Presidential elections took place in Slovakia 30 March, where philanthropist and former entrepreneur Andrej Kiska succeeded over Robert Fico with about 60% of all the votes. On late Monday night, news came in that the newly elected president, who is actively involved in social responsibility initiatives such as “Dobry Anjel” (good angel), supporting families with ill children financially, will open the famous Palais Grassalkovich in Bratislava as a coworking space for young entrepreneurs, freelancers and startups.
“Besides the efforts to fight corruption and improve the health sector in Slovakia, we have also seen that sustainable economic growth can only be reached through innovation,” the newly-elected president said in a statement released by the Slovak Presidential Office. One of his goals during his presidency will therefore be to “take Slovak businesses to the next level and support them as well as we can. A first step would be providing them with the space and infrastructure they need to get creative. Plus, as an entrepreneur I know the struggles and challenges a startup faces at the beginning,” he added.
Opening the gates
In Bratislava, there are already several spaces for startups to work and develop their business. Among them are Connect Coworking, The Spot and BrainHouse (visit our Slovak Week for more info). Yet, the infrastructure is still somewhat scarce and often, Slovak startups are tempted to look for offices in Berlin, Prague or Vienna fairly quickly. Kiska seems determined to change this: “It is very important for us to create a thriving environment for young entrepreneurs and innovators in Slovakia. Therefore, we have decided to open the gates of the Presidential residence to startups by the beginning of summer.”

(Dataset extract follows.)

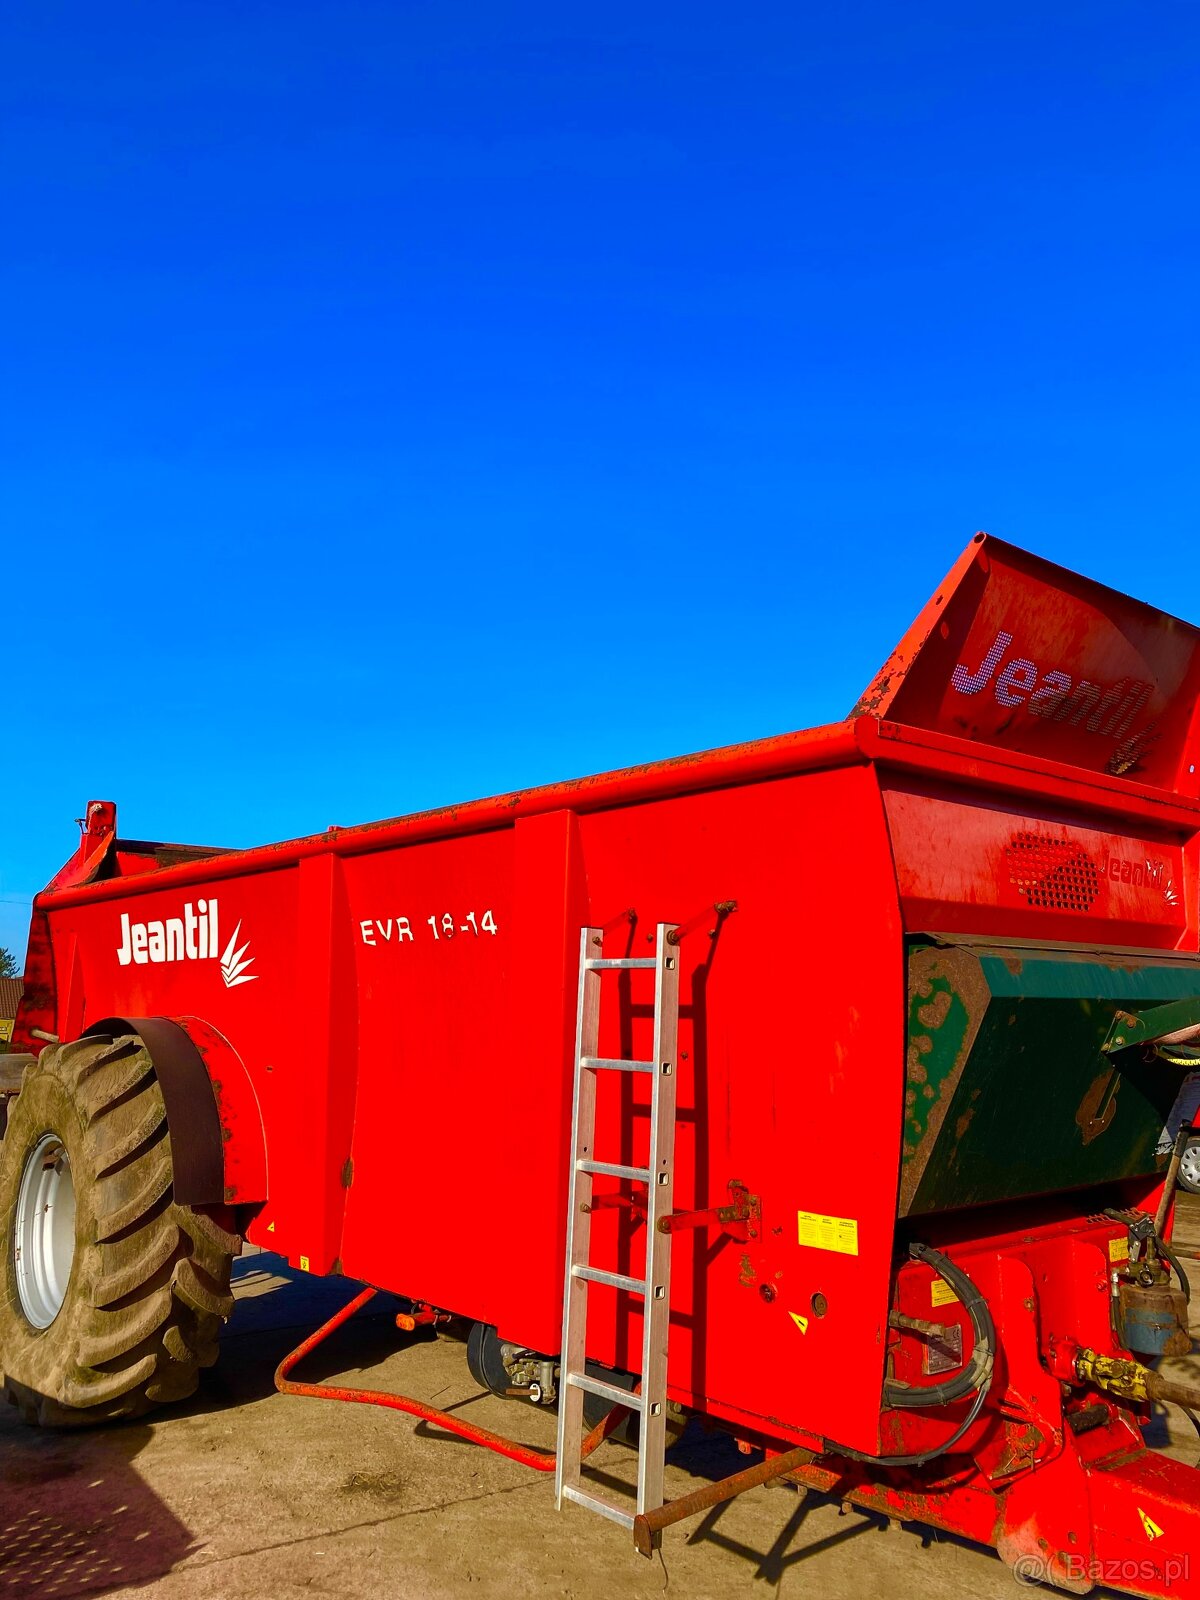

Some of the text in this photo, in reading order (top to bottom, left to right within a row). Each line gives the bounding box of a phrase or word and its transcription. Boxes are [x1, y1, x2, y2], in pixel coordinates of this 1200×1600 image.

[116, 899, 218, 965] Jeantil
[360, 910, 498, 946] EVR 18-14

The new office space will make use of 1.500 squared metres of unused area next to the lobby of the palace, offer high speed optical cable internet and a coffee place serving sustainable sourced food. Security shouldn’t be an issue as the new president plans to spend more time traveling across Slovakia solving issues of the people and abroad, and representing the country.
Little else is known about how exactly the selection process will take place but rumour has it that only startups younger than four years will be eligible for application. Also, they will need to pitch their ideas in front of a committee hand-picked by the president himself that will decide if an idea has impact on social issues within Slovakia and the CEE region, as well as if the business concept is sustainable and socially advantageous. The Slovak government will have all interested startups informed about the application process currently lined out through the Twitter hashtag #AprilFools and will be also opening a website for the new coworking venue shortly.
Palais Grassalkovich, soon to become the largest coworking space in CEE, is located right in the heart of Bratislava, not far away from the Technical University. It was constructed in 1760 and for centuries has been the venue for festivities of the aristocracy. As of 1996, it is the official residence of the President of the Slovak Republic. In a few months, it shall also house several dozens of startups, and possibly hundreds of young entrepreneurs.